The main thing Lardner recommends for ranchers developing heifers to 55 per cent of mature weight by first breeding is to make sure the quality of the breeding pasture is adequate to meet the requirements of heifers that are still growing. “Prior to that first calving, we also put those pregnant heifers on a diet with good-quality roughage — such as a mixed grass/legume hay,” he says.
Other strategies
“This can help make sure they are ready to rebreed and that we don’t lose them out of the herd as first calvers. They are less likely to come up open. You have a lot of development costs invested in a heifer, and don’t want her to wash out after just one calf. Our beef economist, Kathy Larson, has done some work looking at how many calves it takes to pay for development costs on that heifer. A few years back it was three or four calves, and in today’s economy it’s more like five or six calves before the heifer pays for herself. So we want that heifer to stay in the herd long term.
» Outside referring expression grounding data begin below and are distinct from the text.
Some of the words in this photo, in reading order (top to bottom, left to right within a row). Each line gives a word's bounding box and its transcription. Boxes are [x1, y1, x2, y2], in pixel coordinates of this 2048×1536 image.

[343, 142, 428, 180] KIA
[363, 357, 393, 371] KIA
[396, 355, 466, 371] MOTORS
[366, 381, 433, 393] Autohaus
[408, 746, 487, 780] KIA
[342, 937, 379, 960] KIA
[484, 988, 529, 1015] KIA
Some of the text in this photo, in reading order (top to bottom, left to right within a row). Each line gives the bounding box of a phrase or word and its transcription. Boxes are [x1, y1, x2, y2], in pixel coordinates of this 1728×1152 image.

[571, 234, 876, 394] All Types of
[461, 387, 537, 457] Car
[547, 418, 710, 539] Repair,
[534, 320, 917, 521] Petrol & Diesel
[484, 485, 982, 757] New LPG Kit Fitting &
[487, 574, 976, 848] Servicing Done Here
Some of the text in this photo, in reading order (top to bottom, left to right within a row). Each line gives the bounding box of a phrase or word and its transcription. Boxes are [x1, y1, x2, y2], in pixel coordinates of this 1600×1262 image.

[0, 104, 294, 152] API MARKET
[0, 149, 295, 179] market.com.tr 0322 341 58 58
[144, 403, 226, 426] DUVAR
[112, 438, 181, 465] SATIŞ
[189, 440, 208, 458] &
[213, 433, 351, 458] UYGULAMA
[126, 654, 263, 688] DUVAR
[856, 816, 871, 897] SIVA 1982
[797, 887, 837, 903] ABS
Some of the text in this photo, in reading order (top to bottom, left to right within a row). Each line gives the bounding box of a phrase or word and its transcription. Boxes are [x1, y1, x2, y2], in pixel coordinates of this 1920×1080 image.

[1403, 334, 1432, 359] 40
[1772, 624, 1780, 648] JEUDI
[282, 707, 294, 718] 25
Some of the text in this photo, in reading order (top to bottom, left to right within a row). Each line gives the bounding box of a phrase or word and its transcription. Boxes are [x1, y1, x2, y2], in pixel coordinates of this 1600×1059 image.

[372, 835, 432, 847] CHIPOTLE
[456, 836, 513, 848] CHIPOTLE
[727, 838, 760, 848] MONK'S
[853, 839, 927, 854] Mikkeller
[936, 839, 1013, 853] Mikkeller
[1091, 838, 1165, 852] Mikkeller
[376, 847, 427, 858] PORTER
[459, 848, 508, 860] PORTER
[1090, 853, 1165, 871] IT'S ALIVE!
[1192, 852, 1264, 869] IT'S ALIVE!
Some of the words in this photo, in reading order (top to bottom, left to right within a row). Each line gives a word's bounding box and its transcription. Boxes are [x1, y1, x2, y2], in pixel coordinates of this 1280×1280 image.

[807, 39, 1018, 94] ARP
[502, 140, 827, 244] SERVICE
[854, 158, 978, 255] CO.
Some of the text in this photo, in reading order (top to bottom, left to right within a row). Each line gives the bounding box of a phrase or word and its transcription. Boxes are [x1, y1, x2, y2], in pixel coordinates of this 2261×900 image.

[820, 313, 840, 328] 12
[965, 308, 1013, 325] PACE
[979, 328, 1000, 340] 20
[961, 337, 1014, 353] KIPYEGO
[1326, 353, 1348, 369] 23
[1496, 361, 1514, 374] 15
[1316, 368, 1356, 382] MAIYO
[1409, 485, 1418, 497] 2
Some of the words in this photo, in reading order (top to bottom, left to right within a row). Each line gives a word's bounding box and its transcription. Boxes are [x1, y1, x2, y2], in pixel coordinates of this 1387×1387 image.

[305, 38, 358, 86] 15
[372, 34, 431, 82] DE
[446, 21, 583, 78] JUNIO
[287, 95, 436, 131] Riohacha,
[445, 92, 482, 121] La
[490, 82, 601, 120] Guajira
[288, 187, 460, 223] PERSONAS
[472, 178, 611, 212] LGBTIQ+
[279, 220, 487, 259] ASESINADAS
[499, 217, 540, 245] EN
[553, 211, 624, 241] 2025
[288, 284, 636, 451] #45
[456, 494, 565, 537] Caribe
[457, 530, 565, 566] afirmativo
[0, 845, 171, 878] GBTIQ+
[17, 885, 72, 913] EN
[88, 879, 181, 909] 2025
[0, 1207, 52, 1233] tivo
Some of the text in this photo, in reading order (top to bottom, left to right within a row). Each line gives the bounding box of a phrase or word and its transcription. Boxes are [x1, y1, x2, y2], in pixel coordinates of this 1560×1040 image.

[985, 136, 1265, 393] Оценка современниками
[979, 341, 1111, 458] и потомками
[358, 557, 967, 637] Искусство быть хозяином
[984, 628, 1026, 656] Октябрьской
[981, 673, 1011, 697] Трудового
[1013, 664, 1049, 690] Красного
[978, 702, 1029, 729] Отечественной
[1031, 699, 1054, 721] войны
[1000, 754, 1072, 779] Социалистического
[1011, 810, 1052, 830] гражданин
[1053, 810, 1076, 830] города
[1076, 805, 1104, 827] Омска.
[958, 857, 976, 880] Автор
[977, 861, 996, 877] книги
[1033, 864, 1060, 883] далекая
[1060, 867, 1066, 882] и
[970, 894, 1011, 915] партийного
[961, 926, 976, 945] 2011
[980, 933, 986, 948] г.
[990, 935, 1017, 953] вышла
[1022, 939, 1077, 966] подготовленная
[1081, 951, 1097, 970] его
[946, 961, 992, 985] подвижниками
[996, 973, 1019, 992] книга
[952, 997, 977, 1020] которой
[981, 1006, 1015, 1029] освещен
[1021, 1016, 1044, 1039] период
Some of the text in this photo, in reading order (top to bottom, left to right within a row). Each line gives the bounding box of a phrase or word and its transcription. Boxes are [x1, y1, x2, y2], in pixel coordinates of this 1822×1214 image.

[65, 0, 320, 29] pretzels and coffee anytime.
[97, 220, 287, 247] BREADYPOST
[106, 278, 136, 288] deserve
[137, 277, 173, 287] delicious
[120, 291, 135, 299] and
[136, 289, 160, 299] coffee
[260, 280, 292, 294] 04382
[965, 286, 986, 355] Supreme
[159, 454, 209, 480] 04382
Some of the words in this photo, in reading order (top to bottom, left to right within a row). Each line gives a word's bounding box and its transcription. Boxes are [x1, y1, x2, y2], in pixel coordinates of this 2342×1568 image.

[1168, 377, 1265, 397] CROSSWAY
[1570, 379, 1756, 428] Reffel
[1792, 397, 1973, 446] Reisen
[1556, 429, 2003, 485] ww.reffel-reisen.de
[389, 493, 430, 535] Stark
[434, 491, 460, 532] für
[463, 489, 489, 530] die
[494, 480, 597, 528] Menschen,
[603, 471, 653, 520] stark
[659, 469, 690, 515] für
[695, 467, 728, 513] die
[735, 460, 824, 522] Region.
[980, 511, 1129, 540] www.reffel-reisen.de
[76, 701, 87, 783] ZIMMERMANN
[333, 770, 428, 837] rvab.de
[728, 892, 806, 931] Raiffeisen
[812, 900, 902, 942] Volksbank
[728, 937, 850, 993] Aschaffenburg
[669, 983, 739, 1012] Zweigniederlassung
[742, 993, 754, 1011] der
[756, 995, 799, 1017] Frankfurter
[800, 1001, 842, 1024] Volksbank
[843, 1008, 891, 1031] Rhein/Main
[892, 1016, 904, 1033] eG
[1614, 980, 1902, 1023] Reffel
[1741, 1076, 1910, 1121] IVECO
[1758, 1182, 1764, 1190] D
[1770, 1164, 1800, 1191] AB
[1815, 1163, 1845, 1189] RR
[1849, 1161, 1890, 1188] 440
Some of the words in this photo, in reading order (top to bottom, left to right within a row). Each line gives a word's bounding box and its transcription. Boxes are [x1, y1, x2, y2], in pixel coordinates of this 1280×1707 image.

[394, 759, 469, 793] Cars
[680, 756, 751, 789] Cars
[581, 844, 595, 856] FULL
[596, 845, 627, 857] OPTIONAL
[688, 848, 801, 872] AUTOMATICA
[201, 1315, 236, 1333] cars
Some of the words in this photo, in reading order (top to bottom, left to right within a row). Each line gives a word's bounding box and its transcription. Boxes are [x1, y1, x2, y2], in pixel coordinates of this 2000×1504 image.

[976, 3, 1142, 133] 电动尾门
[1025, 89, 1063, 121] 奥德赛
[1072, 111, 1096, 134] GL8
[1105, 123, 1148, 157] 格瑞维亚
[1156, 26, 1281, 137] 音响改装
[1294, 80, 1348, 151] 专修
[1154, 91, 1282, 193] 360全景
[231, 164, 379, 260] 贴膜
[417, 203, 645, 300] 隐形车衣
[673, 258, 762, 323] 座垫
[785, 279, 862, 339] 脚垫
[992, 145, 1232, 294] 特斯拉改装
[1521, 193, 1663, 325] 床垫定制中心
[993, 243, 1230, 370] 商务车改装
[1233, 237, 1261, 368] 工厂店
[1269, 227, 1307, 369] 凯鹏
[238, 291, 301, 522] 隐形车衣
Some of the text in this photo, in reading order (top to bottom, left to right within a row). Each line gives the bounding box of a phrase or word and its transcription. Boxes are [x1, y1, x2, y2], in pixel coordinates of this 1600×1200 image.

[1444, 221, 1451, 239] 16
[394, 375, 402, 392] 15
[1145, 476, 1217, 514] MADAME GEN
“We are doing another project right now, though it’s a strategy a rancher might not do, to make sure first-calf heifers get rebred. We are looking at providing heifers with an energy supplement that differs in type and form of fat from most supplements, and providing this from calving until breeding. We are sourcing two types of fats, looking at mono versus polyunsaturated fats from either canola or flax. These are both common crops in Western Canada. We are looking at whether fat in the diet will improve conception rates for that second breeding season,” says Lardner.
“This is one more strategy a person could try, but we don’t have results yet. As a research facility we are always trying to investigate ways of feeding heifers,” he says. If heifers are kept separate from the older cows, the heifers could be fed the fat supplement without having to provide it for the whole herd.